Well, I've been busy doing a lot of fun things since my last post. I will catch you up on the blessings we've been experiencing. Not a day goes by -- really, not A DAY!-- when either Terry or I say to one another, "It's just a blessing, straight from God!"
I will share all of those wonderful things with you soon. Today, I just wanted to make note of an experience I had yesterday. It was significant for many reasons.
I'm approaching my one year anniversary. I was inducted into the 'cancer world' at the end of April 2010. It was a wild ride, a crazy year, and quite the experience. Most days I look back on it and I'm very grateful. I believe I've gone through a 'sifting' period and I've come out the other side better!
I was reading Beth Moore last night and she wrote about how the enemy likes to attack when we're really improving our faith. God was definitely doing some cool things in my life a year ago. Opening my eyes about a lot and drawing me closer. I don't know if my illness was an attack or just an unfortunate part of life in a sinful world. But, I'm blessed that God held me close in 2010 and never allowed me to feel alone. And now, not even a year later, most of it feels like a lifetime ago. A blurry memory that will always give me chills. And hopefully, always remind me to get on my knees.

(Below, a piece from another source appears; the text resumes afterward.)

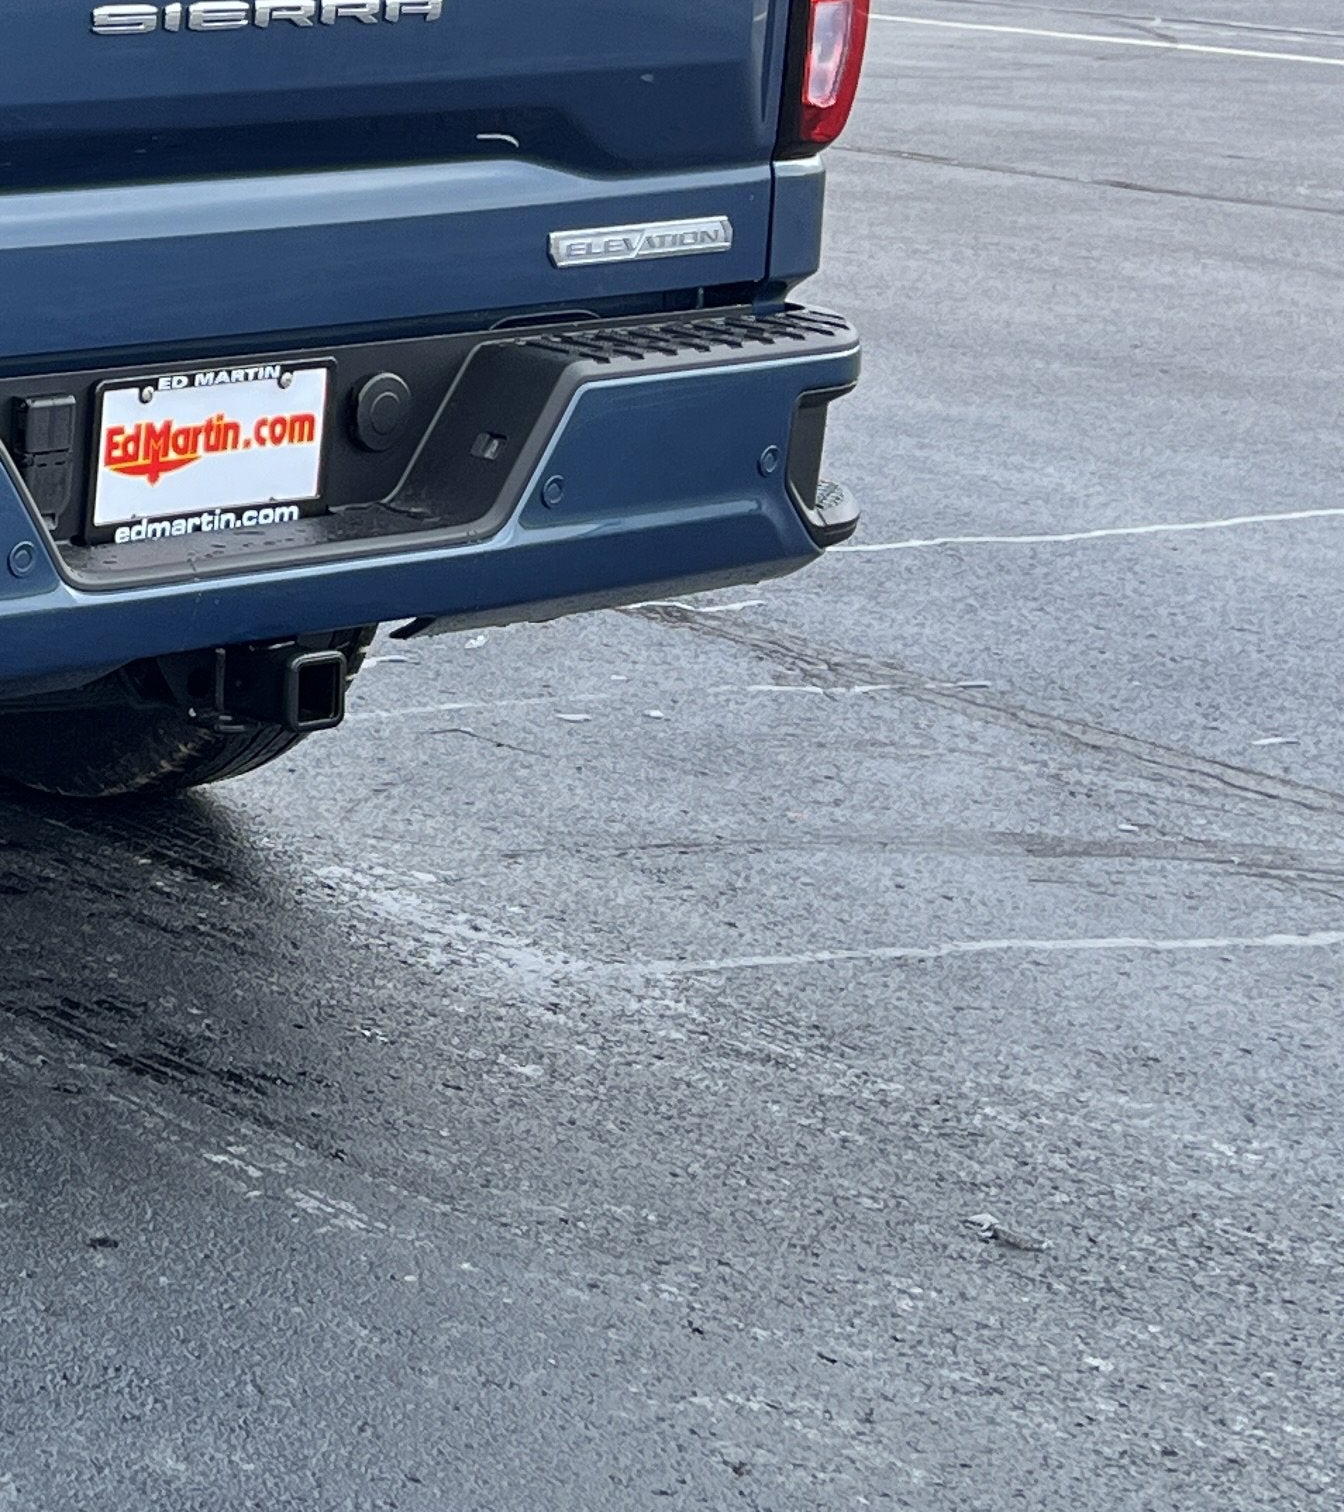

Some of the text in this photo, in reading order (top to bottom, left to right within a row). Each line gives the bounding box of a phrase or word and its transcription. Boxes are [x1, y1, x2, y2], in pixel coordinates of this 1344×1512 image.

I opened a spiral yesterday. I needed to write something down and I grabbed the closest paper to me. I opened it and read in my sweet hubby's handwriting:
4/18 last cycle
4/19 lumpectomy
4/21 1st oncologist meeting
4/28 MRI
4/30 Portacath, Mastectomy, Node Dissection
5/6 drains removed, 3 of 10 nodes positive
5/7 PET scan
5/11 Dr. Heyne follow-up
5/20 1st chemo
5/25 ER- 101.7 fever, shortness of breath, chest xray, blood work. Negative.
5/27 discharged, white blood down
That's where the dates stop. Because, really, that was all the hardest part. Nothing was ever scarier than my MRI news. Nothing was ever harder than my first chemo and subsequent 3 days in the hospital.
I know many of you think I'm naive to hope that this is the biggest trial I'll ever face. Maybe you're right. After all, time wounds all heels. And I've got lots more time left.
Thank God for 2010. The year God changed my life by saving it.